Smartphones with folding displays are all the rage these days, but it looks like different phone makers may be different approaches. Royole’s FlexPai smartphone folds in half so that part of the phone’s 7.8 inch display becomes a 4.5 inch screen. Samsung’s upcoming foldable will bend the other way… so that the tablet-sized screen is on the inside and you’ll actually use a secondary, external display when the phone’s folded in half.
Meanwhile it looks like Motorola’s new folding phone may fold more like an old-school flip phone. Rather than a smartphone that unfolds to become a tablet-sized device, imagine a phone that bends in half to become… a smaller phone.

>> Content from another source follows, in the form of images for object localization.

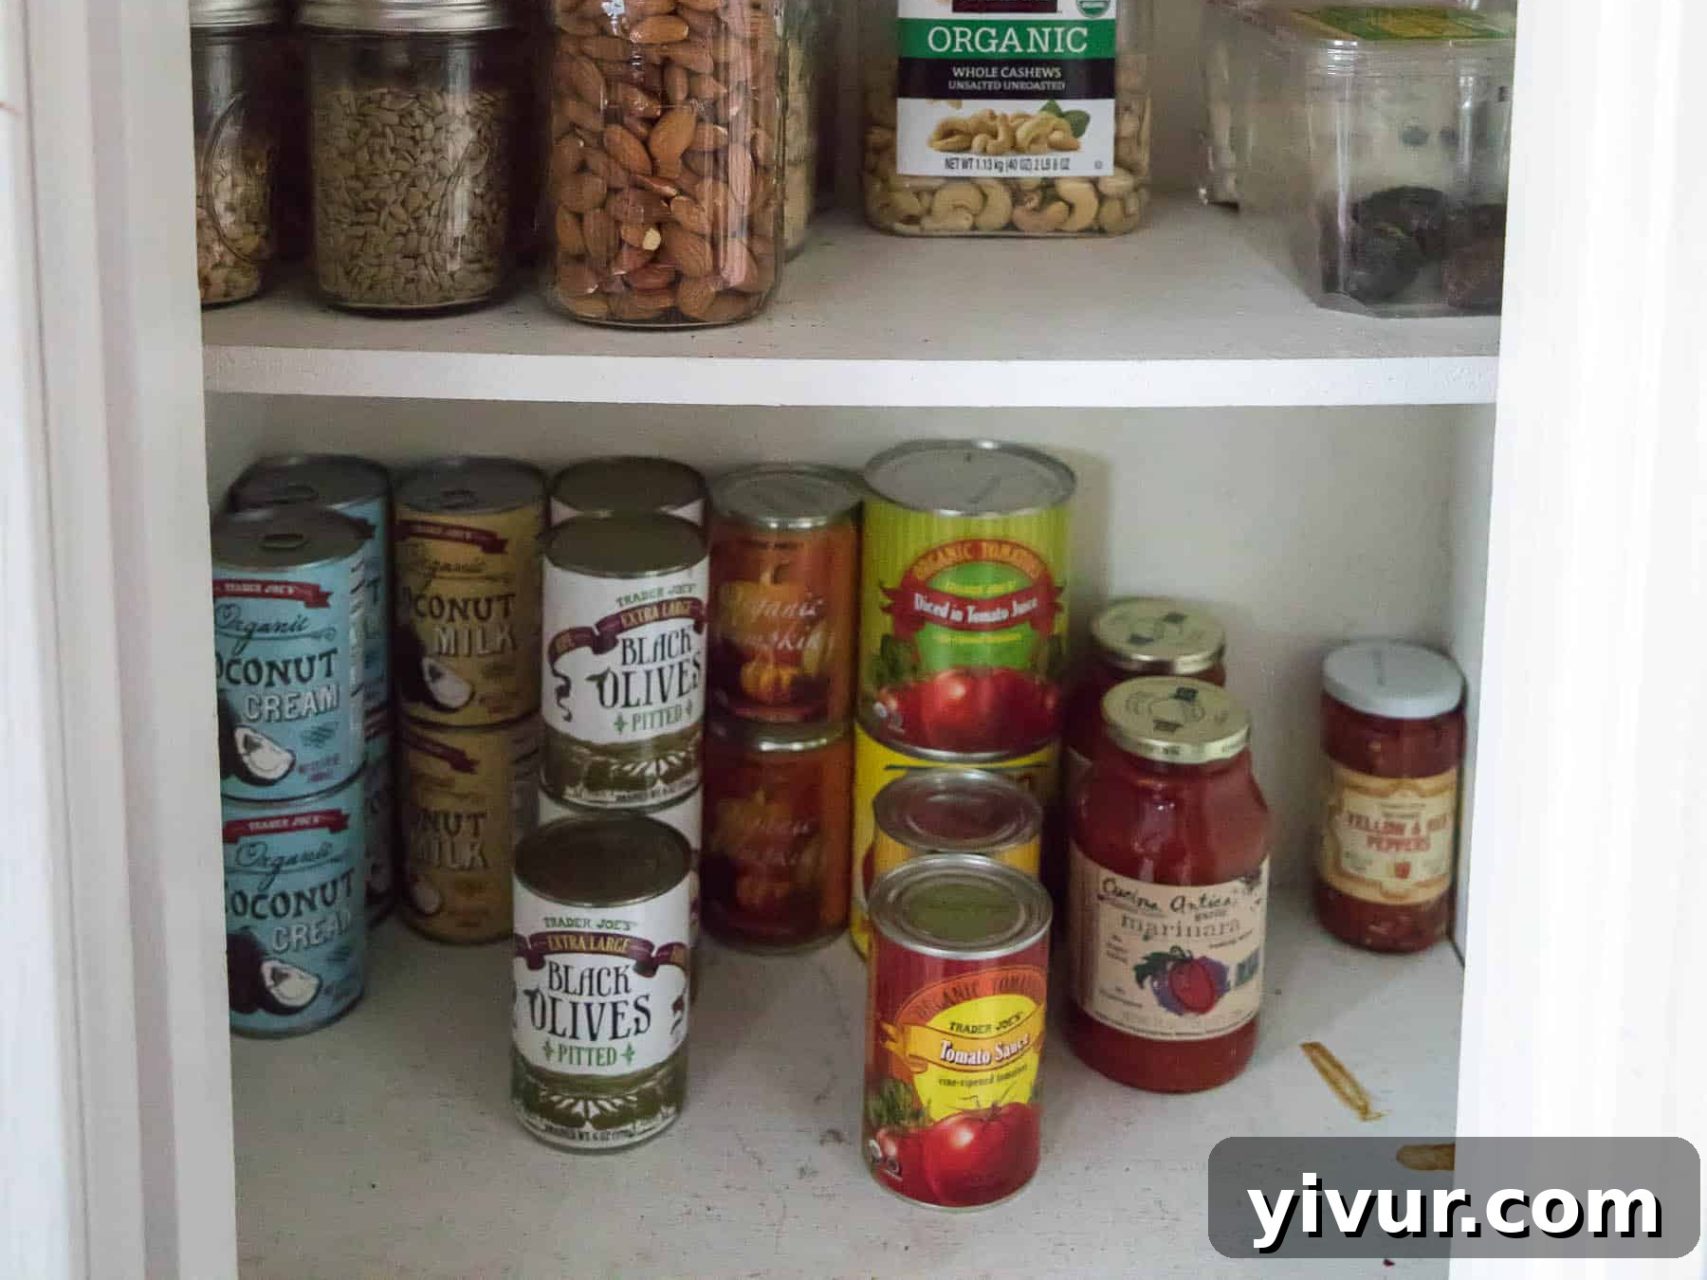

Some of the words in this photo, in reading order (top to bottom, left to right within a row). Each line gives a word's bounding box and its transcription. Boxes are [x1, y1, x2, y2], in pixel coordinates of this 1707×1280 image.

[927, 25, 1089, 53] ORGANIC
[948, 79, 1001, 91] UNSALTED
[1003, 79, 1065, 91] UNROASTED
[952, 66, 999, 79] WHOLE
[1000, 66, 1062, 79] CASHEWS
[945, 157, 960, 170] NET
[961, 157, 974, 170] WT
[616, 586, 664, 607] TRADER
[914, 593, 951, 619] Diced
[950, 603, 964, 622] in
[967, 604, 1010, 625] Tomato
[215, 602, 310, 655] Organic
[620, 605, 660, 629] EXTRA
[434, 622, 519, 658] MILK
[621, 627, 692, 667] BLACK
[596, 650, 702, 710] OLIVES
[245, 682, 341, 723] CREAM
[631, 704, 683, 733] PITTED
[235, 841, 333, 891] Organic
[225, 868, 355, 919] OCONUT
[544, 916, 592, 929] TRADER
[595, 917, 632, 931] JOE'S
[1121, 916, 1240, 938] marinara
[546, 934, 585, 952] EXTRA
[588, 937, 629, 952] LARGE
[547, 961, 632, 997] BLACK
[526, 993, 652, 1042] OLIVES
[949, 1021, 992, 1034] TRADER
[557, 1045, 618, 1067] PITTED
[939, 1039, 991, 1066] Tomato
[994, 1033, 1031, 1061] Sauce
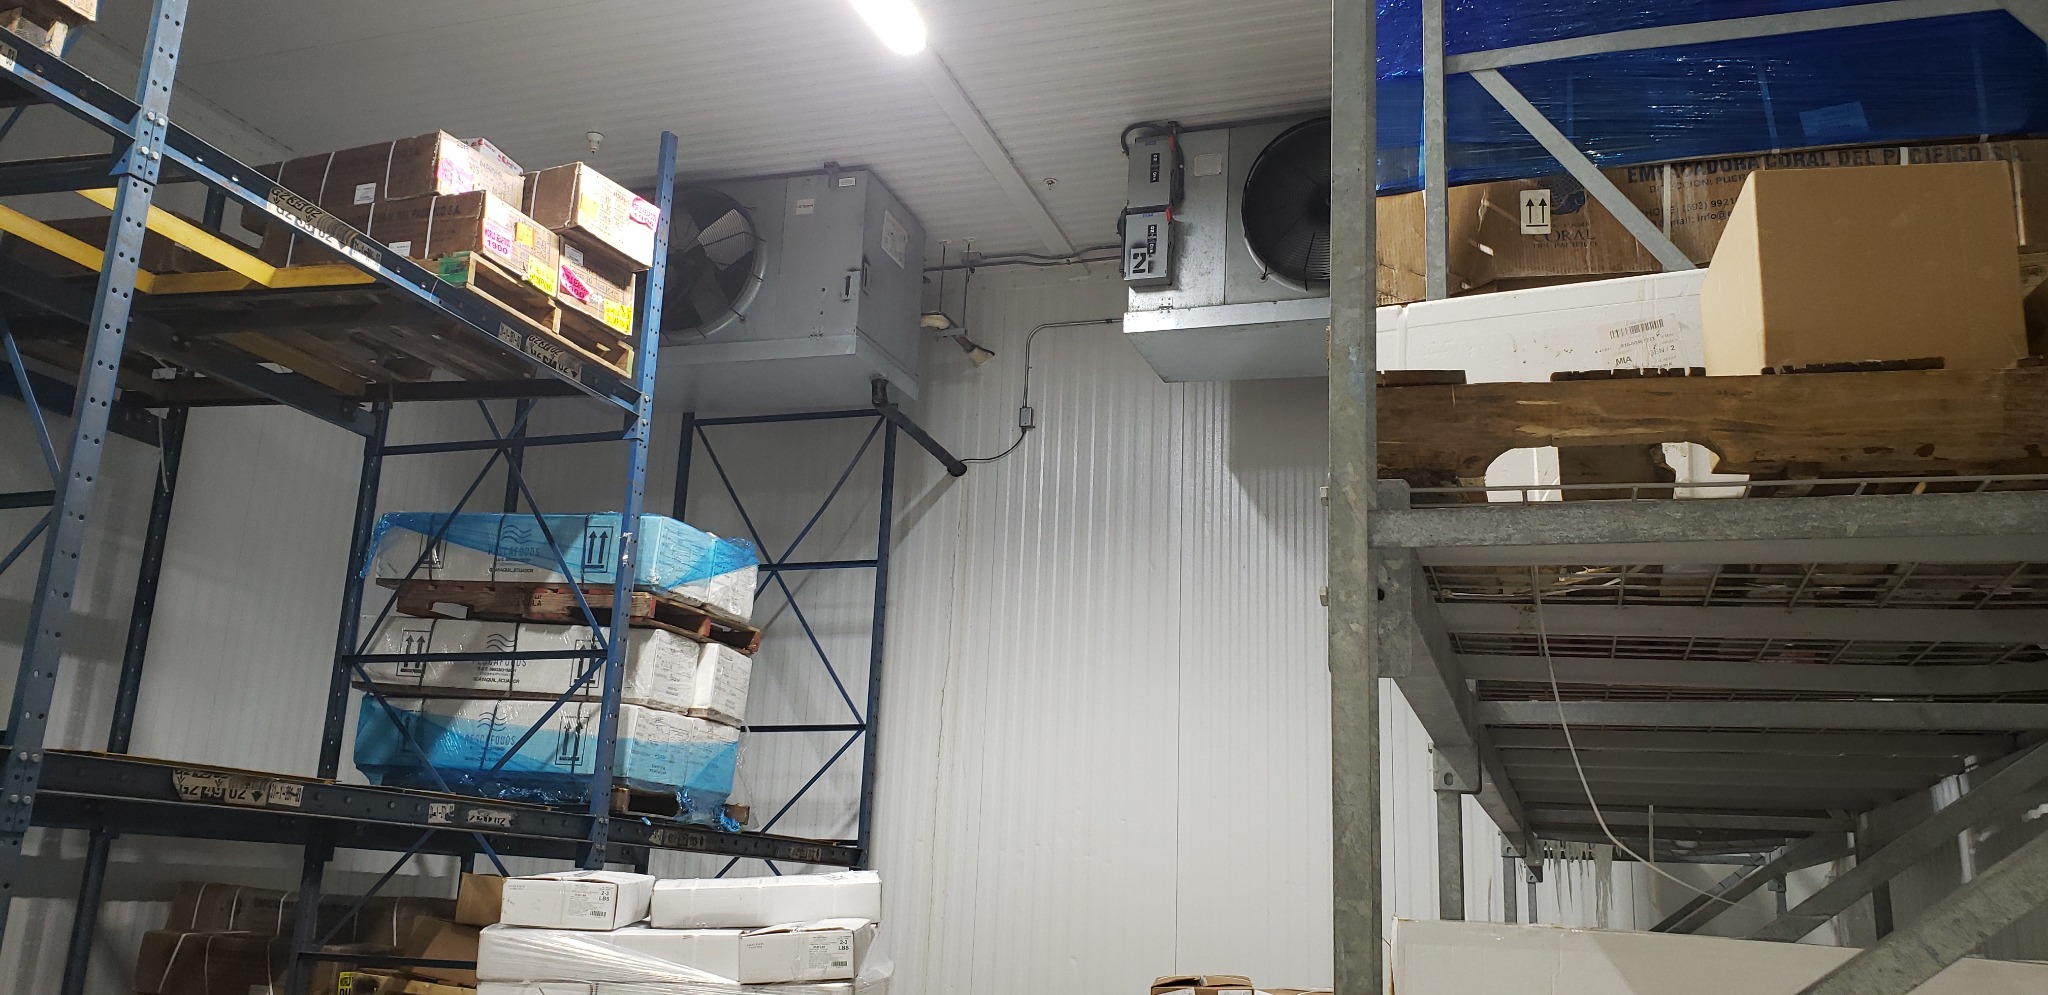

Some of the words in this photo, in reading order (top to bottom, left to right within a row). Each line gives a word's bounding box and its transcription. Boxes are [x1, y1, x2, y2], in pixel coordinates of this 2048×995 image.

Now the folks at 91mobiles have uncovered a Motorola patent filing that shows a phone with a flexible display, a hinge in the middle, and a two-panel back with a small display on the upper section and what appears to be a fingerprint sensor on the bottom.
When the phone is open, you’d be able to interact with it like a normal touchscreen phone. When it’s closed you’d presumably be able to see incoming text messages, phone call alerts, and other notifications on the secondary screen.
I typically don’t place too much stock in patent filings because device makers have a habit of applying for patents on all sort of technology that never sees the light of day. But given that Motorola is expected to launch a Razr-branded folding phone, the fact that the Lenovo-owned company received a patent on just such a device last year at least raises the possibility that the finished product could look something like the images in the patent documents.
That said, it’s important to note that the broken/dotted lines in patent applications aren’t actually covered by the patent — they’re just illustrations that show a possible example of how the design covered by the patent could work. It’s only the solid lines in the drawing that are actually covered.
In other words, even if Motorola does release a phone that looks something like the one shown in the patent application, there’s no guarantee the primary or secondary display, the fingerprint sensor, or the camera location in the images will be accurate.